Once again many thanks for your attention.
Administrators
admin
HattyLi, Ceftriaxon corrected.

With food correctly, if there were defects need to be changed and respected.

Of antifungal agents I can recommend proven drugs based on Fluconazole (Diflucan, Diflazon, Flukostat and others) or preparations based on ketoconazole (Ketoconazole, Funginok and others).

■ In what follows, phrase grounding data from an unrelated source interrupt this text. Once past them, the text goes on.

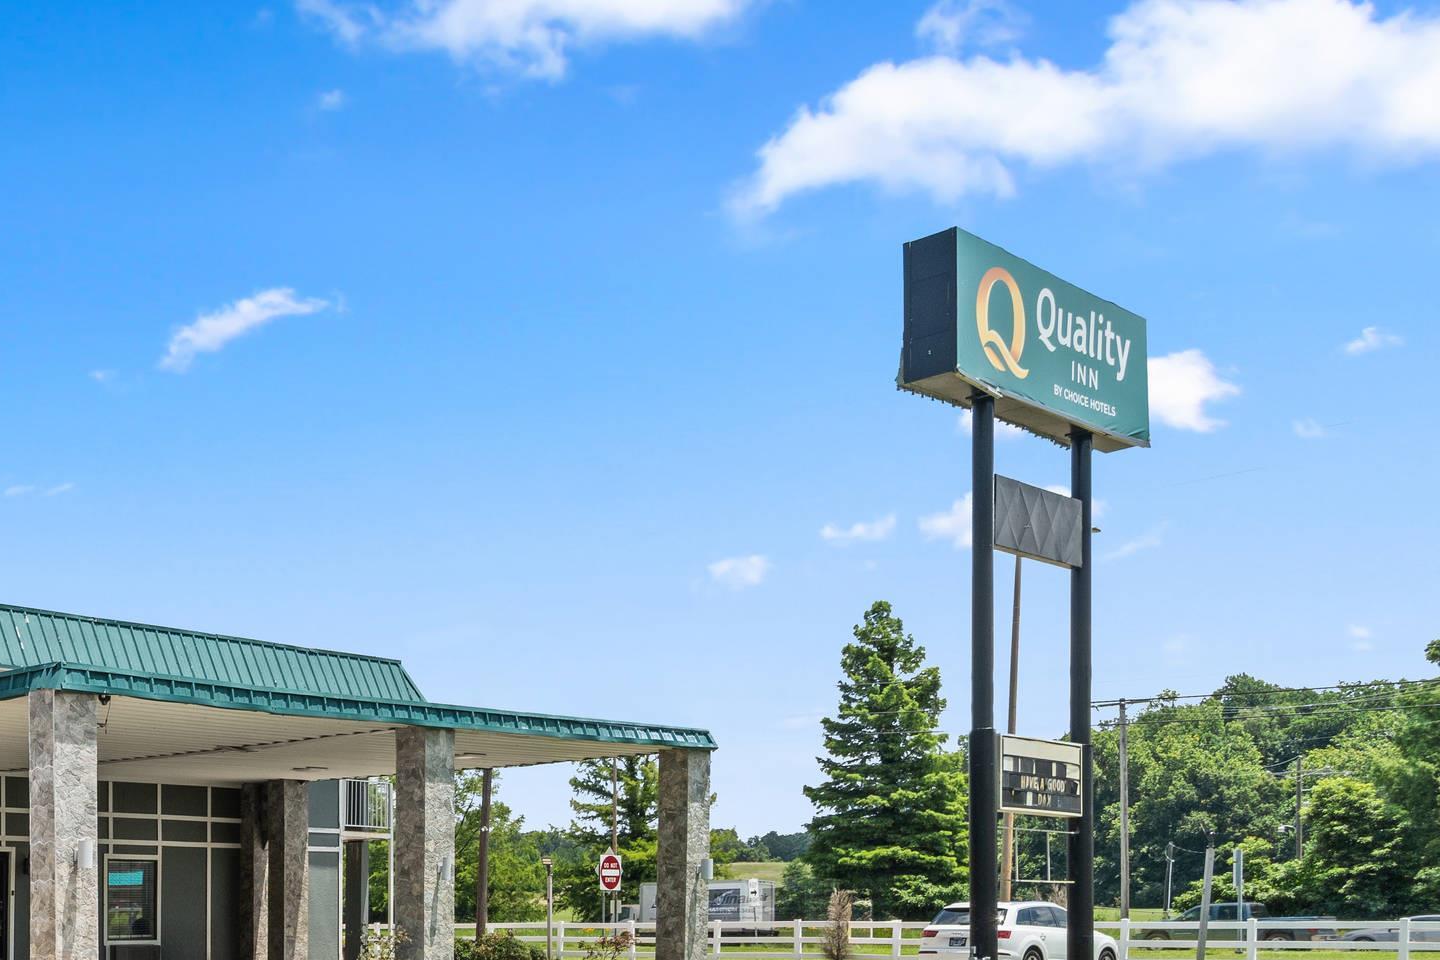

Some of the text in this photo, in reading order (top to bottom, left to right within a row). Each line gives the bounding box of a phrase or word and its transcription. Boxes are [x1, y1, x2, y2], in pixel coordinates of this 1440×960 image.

[1036, 287, 1131, 382] Quality
[1071, 360, 1099, 391] INN
[1053, 384, 1116, 417] BY CHOICE HOTELS
[1047, 778, 1065, 793] GOOD
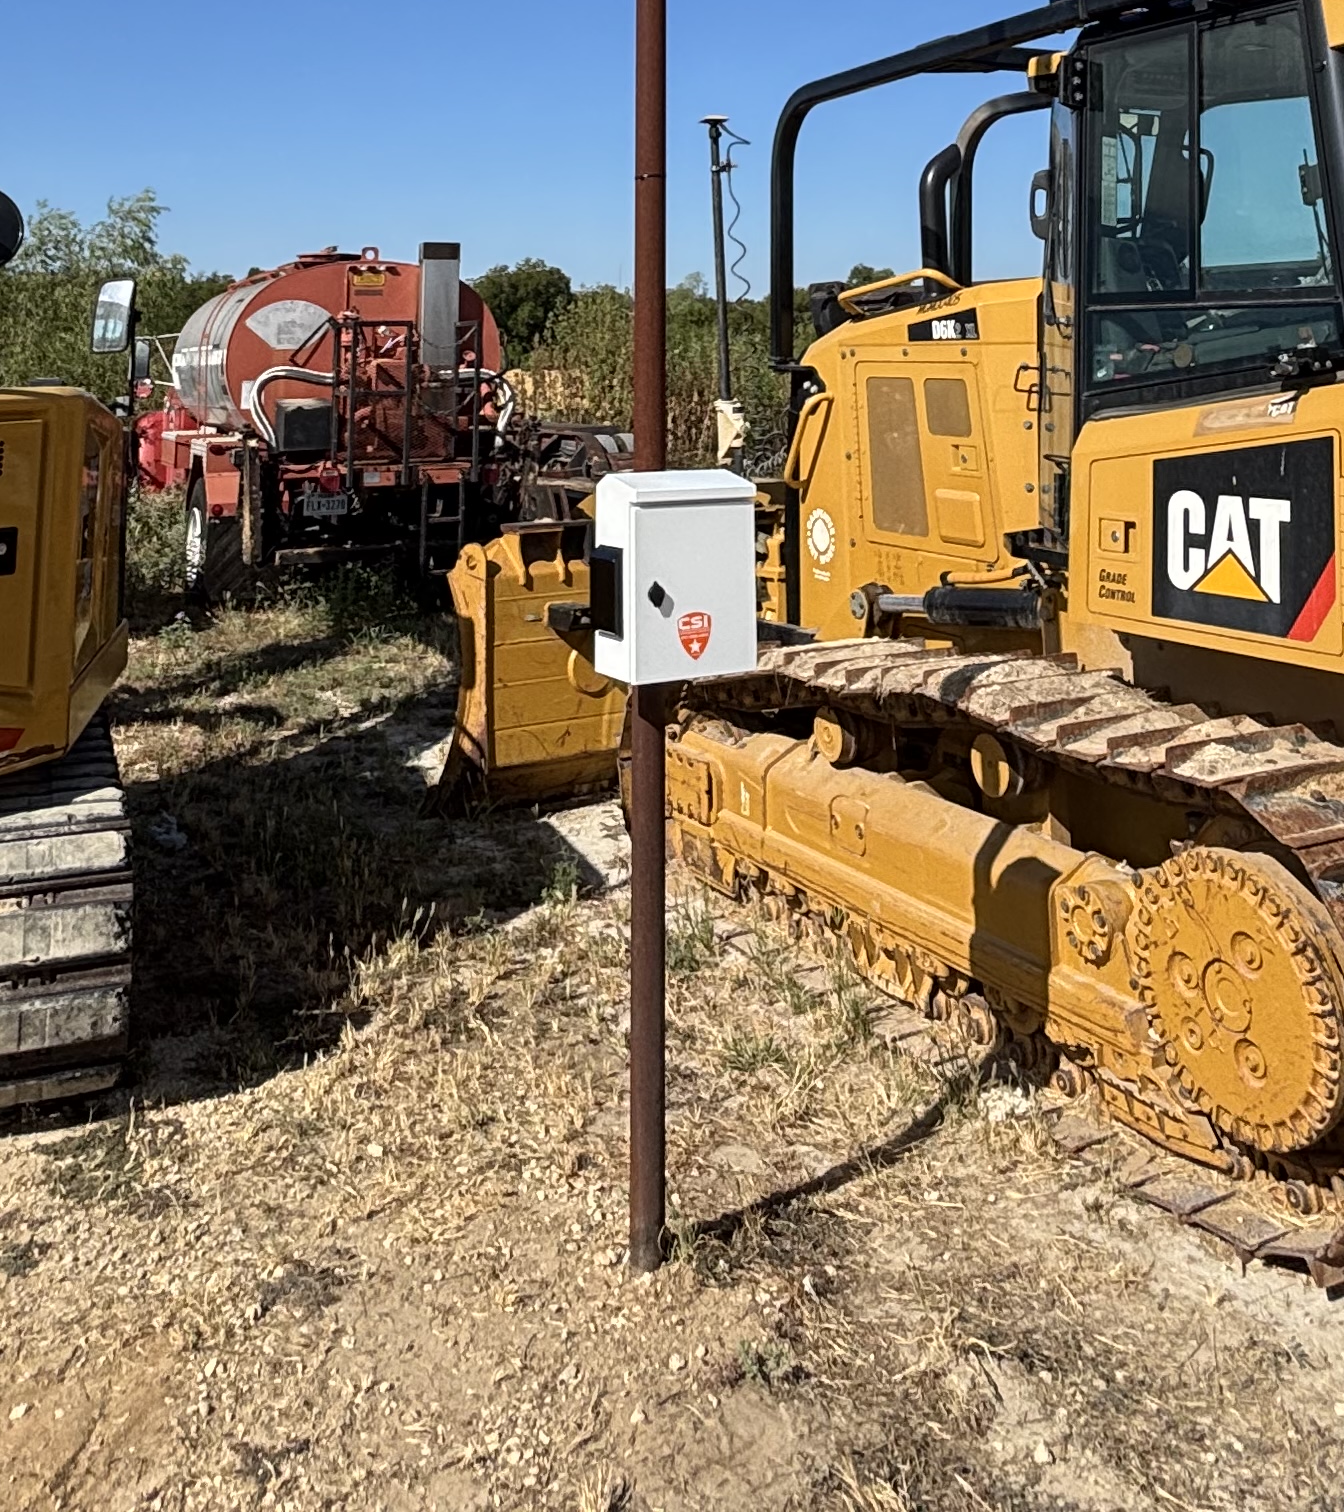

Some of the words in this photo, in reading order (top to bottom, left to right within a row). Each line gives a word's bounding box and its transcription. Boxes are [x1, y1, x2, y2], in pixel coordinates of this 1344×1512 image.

[1167, 489, 1291, 604] CAT
[1099, 584, 1136, 603] CONTROL
[678, 614, 709, 630] CSI

You are confused about detoxifying. If you start using sorbents at the same time as antibiotics, then some antibiotics can simply not enter the bloodstream,accordingly, the concentration will be reduced and the therapeutic effect will not be achieved. that is, the treatment will go wrong. You can use eubiotics and / or probiotics if there are phenomena of dysbiosis (Linex, Bifidumbacterin and others), but not sorbents.

With herbs and mushrooms I do not work (except for simple chamomile, etc., which are recognized as official medicine), so I can not suggest anything concrete on the interaction of these representatives with antibiotics and other chemistry.

Streptococcus is necessary to look on an antibioticogram it gets to your list of antibiotics, if so, this is the main treatment and additionally you do not need anything else. If not, it is necessary to select the most sensitive antibiotic from all crops or use a combination.
Again, find a good doctor, now your treatment for the use of antibiotics (different types and groups in large quantities) is faulty and can bring the body to disaster.
Administrators
admin
Olga, I'm lucky that I have not got it yet. But high concentrations of lidocaine may harm the conduction of impulses in the heart muscle, so it is in your best interest to switch to the correct dilution of lidocaine for injection.In the Directory there is a review article on the breeding of antibiotics using the example of Ceftriaxone, I advise you to get to know it, as from a 2% lidocaine it can be easily obtained 1%.